Recent estimates suggest thousands have lost their lives in this "war on drugs."
The U.S. and Mexican responses to this violence have been predictable: more troops and police, greater border controls and expanded enforcement of every kind. Escalation is the wrong response, however; drug prohibition is the cause of the violence.
Prohibition creates violence because it drives the drug market underground. This means buyers and sellers cannot resolve their disputes with lawsuits, arbitration or advertising, so they resort to violence instead.
Violence was common in the alcohol industry when it was banned during Prohibition, but not before or after.
Violence is the norm in illicit gambling markets but not in legal ones. Violence is routine when prostitution is banned but not when it's permitted. Violence results from policies that create black markets, not from the characteristics of the good or activity in question.
The only way to reduce violence, therefore, is to legalize drugs. Fortuitously, legalization is the right policy for a slew of other reasons.
Prohibition of drugs corrupts politicians and law enforcement by putting police, prosecutors, judges and politicians in the position to threaten the profits of an illicit trade. This is why bribery, threats and kidnapping are common for prohibited industries but rare otherwise. Mexico's recent history illustrates this dramatically.

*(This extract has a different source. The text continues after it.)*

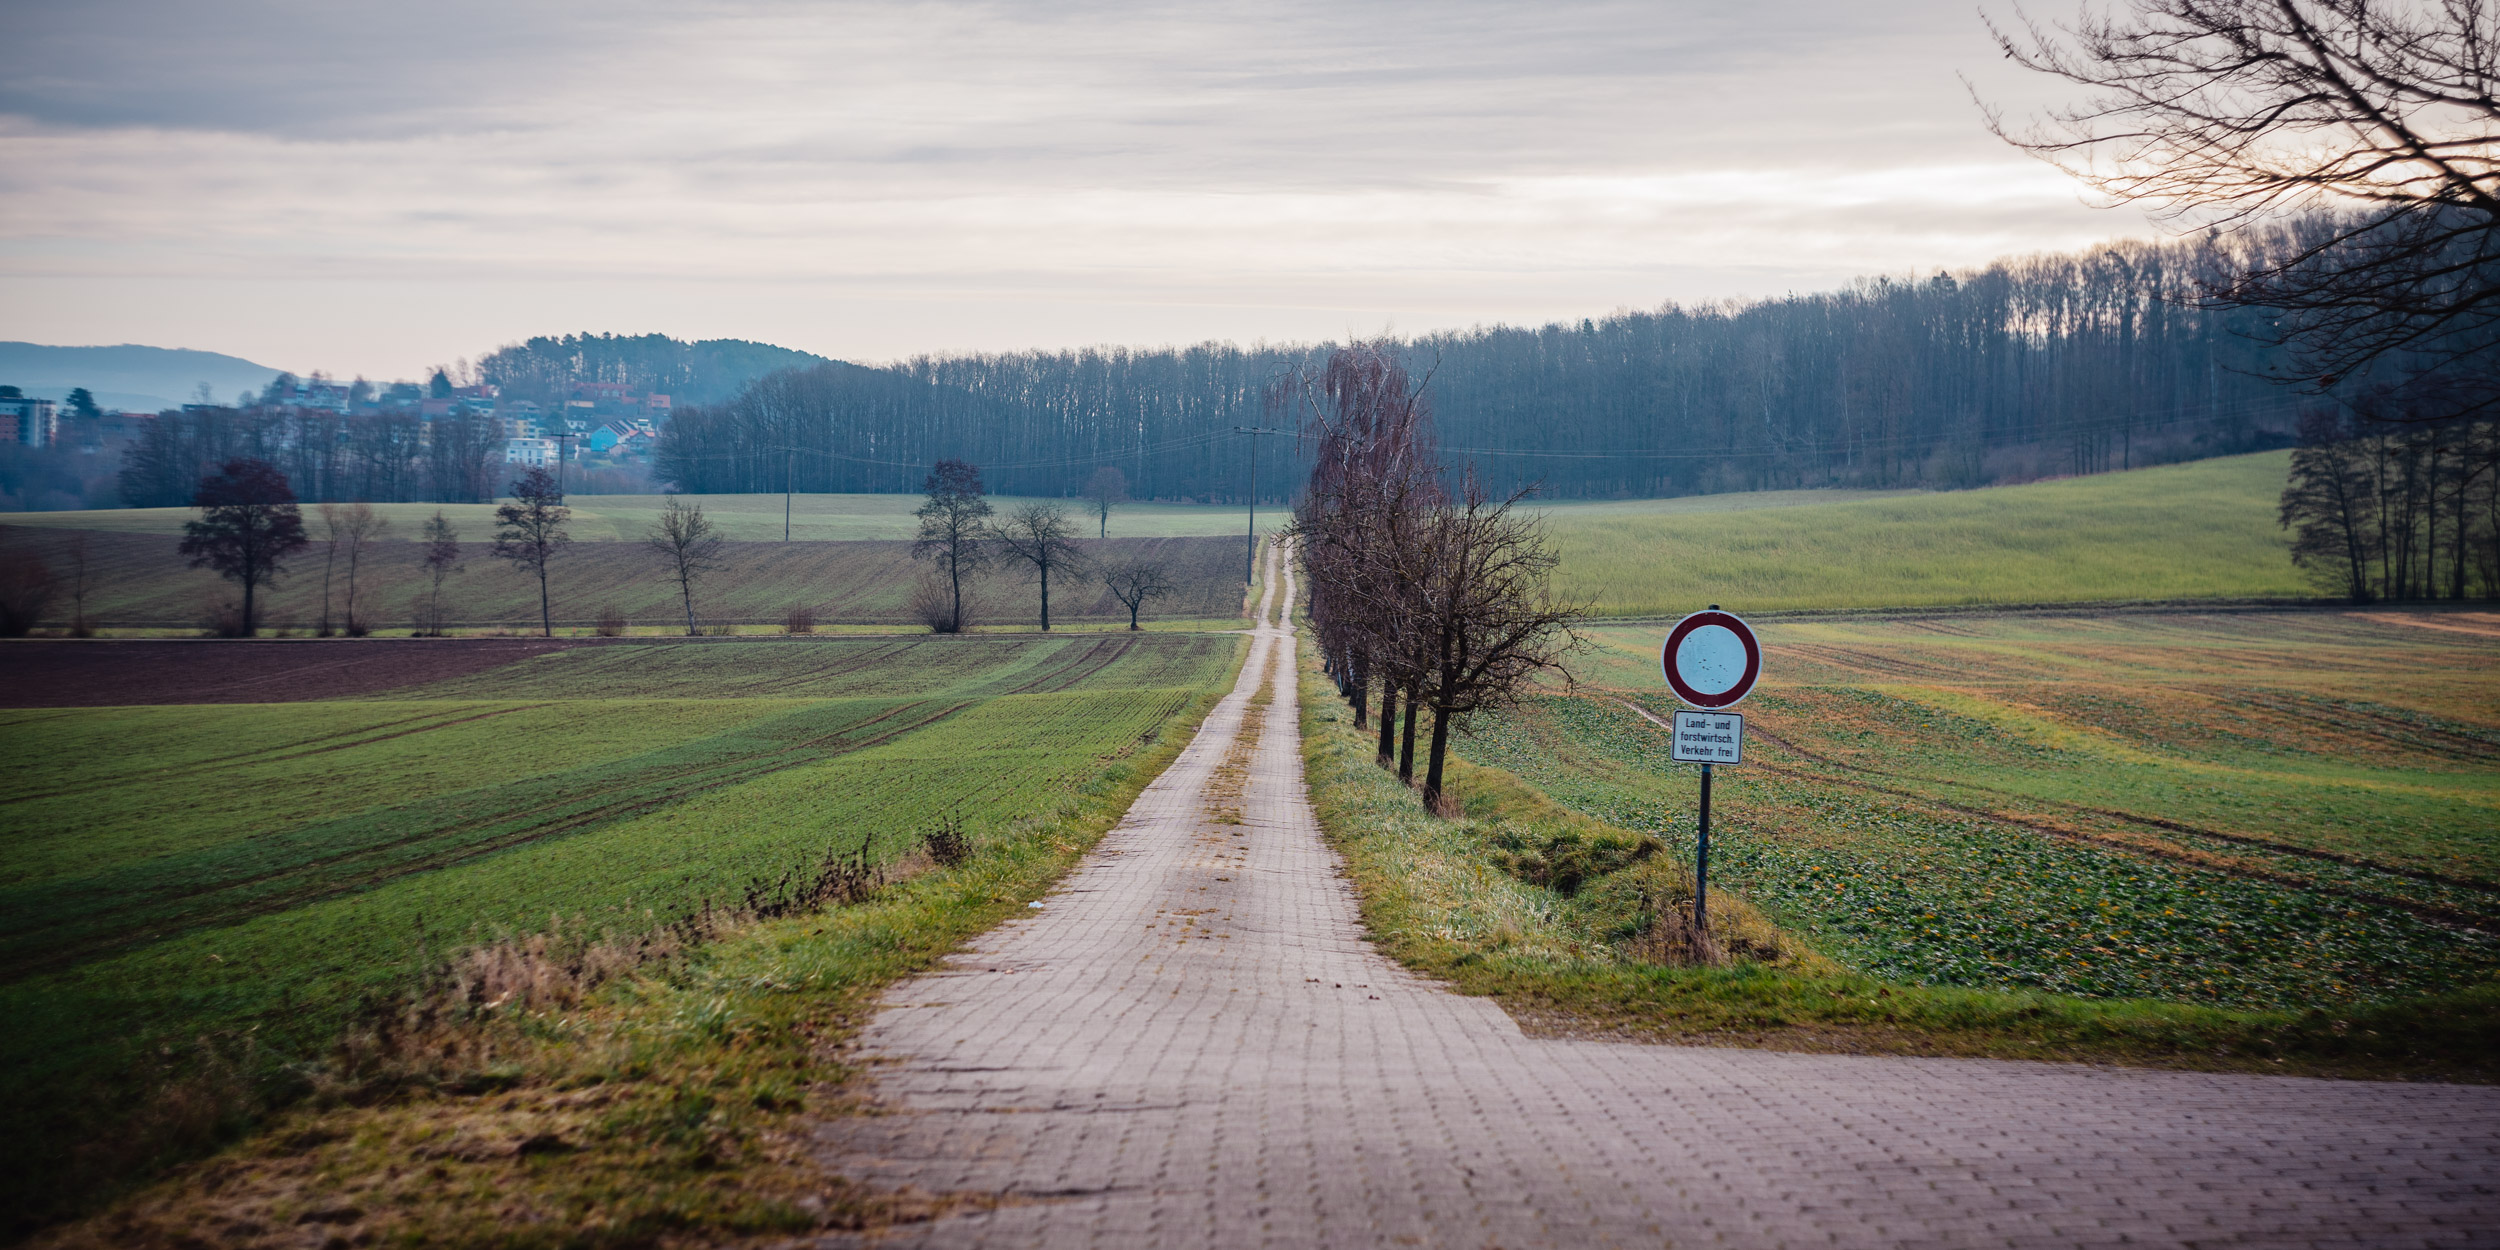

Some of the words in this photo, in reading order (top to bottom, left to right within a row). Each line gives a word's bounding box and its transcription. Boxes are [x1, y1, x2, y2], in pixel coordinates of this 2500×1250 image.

Prohibition erodes protections against unreasonable search and seizure because neither party to a drug transaction has an incentive to report the activity to the police. Thus, enforcement requires intrusive tactics such as warrantless searches or undercover buys. The victimless nature of this so-called crime also encourages police to engage in racial profiling.
Prohibition has disastrous implications for national security. By eradicating coca plants in Colombia or poppy fields in Afghanistan, prohibition breeds resentment of the United States. By enriching those who produce and supply drugs, prohibition supports terrorists who sell protection services to drug traffickers.
Prohibition harms the public health. Patients suffering from cancer, glaucoma and other conditions cannot use marijuana under the laws of most states or the federal government despite abundant evidence of its efficacy. Terminally ill patients cannot always get adequate pain medication because doctors may fear prosecution by the Drug Enforcement Administration.
Drug users face restrictions on clean syringes that cause them to share contaminated needles, thereby spreading HIV, hepatitis and other blood-borne diseases.
Prohibitions breed disrespect for the law because despite draconian penalties and extensive enforcement, huge numbers of people still violate prohibition. This means those who break the law, and those who do not, learn that obeying laws is for suckers.
Prohibition is a drain on the public purse. Federal, state and local governments spend roughly $44 billion per year to enforce drug prohibition. These same governments forego roughly $33 billion per year in tax revenue they could collect from legalized drugs, assuming these were taxed at rates similar to those on alcohol and tobacco. Under prohibition, these revenues accrue to traffickers as increased profits.
The right policy, therefore, is to legalize drugs while using regulation and taxation to dampen irresponsible behavior related to drug use, such as driving under the influence. This makes more sense than prohibition because it avoids creation of a black market. This approach also allows those who believe they benefit from drug use to do so, as long as they do not harm others.
Legalization is desirable for all drugs, not just marijuana. The health risks of marijuana are lower than those of many other drugs, but that is not the crucial issue. Much of the traffic from Mexico or Colombia is for cocaine, heroin and other drugs, while marijuana production is increasingly domestic. Legalizing only marijuana would therefore fail to achieve many benefits of broader legalization.
It is impossible to reconcile respect for individual liberty with drug prohibition. The U.S. has been at the forefront of this puritanical policy for almost a century, with disastrous consequences at home and abroad.
The U.S. repealed Prohibition of alcohol at the height of the Great Depression, in part because of increasing violence and in part because of diminishing tax revenues. Similar concerns apply today, and Attorney General Eric Holder's recent announcement that the Drug Enforcement Administration will not raid medical marijuana distributors in California suggests an openness in the Obama administration to rethinking current practice.
Perhaps history will repeat itself, and the U.S. will abandon one of its most disastrous policy experiments.